Small Finance Banks (SFBs)Small Finance Banks (SFBs)

Small Finance Banks (SFBs)

Small finance banks have emerged as an innovative banking model in India to promote financial inclusion. They aim to cater to the needs of underserved sections like small businesses, low-income households and farmers. This article discusses the concept of small finance banks, their key features and objectives, criteria for setting up and transitioning to a universal bank. It explains the difference between universal banks and small finance banks in a simple manner.

What is a small finance bank?

A small finance bank is a type of banking license granted by the Reserve Bank of India to extend affordable and customized banking services to unserved and underserved sections of society. They were conceptualized to fill the gap between commercial banks and microfinance institutions by providing basic banking facilities to communities with limited means. 
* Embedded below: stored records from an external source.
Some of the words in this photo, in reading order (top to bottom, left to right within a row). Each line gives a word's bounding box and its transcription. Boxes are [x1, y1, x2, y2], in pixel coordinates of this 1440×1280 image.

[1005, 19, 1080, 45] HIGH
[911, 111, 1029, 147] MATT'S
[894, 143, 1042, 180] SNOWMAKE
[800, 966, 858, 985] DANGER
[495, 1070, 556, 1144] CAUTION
Small finance banks focus on serving small business units, small and marginal farmers, micro and small industries, and other unorganized sector entities through high-technology, low-cost operations. They offer a range of simple financial products like small loans, savings accounts, payment/remittance services, and other transactional banking services to customers with modest means.

What Are The Objectives Of Small Finance Banks?

The main aims and goals of setting up small finance banks in India are:

  • To provide basic banking services like savings accounts, payments, remittance and small loans to unserved sections of society. This will promote financial inclusion across the country.
  • To specifically cater to the needs of small business owners, low income households, small and marginal farmers who usually do not have access to formal banking.The main aims and goals of setting up small finance banks in India are:
  • To extend credit access through small value loans to small traders, entrepreneurs and businesses in rural regions to help them grow. This boosts rural economy and local employment.
  • To teach people the importance of savings by introducing simple deposit instruments and digital transaction solutions. Regular savings can help people meet their future needs.
  • To use the latest technology to keep costs low and offer banking at customers’ doorsteps in easy affordable ways without needing to visit branches often.
  • To act as a bridge between self-help groups (SHGs) and commercial banks by providing organized group financing and linkage to mainstream credit.
  • To aggregate small savings through micro-deposits and recycle those funds as micro-loans for productive purposes, thereby deepening financial inclusion.

Guidelines for Licencing of Small Finance Banks

The Reserve Bank of India recognized the need for banking services targeted at unserved communities. In 2015, it granted preliminary approval to 10 applicants to set up Small Finance Banks (SFBs). However, only regular applications were invited then. This limited banking expansion.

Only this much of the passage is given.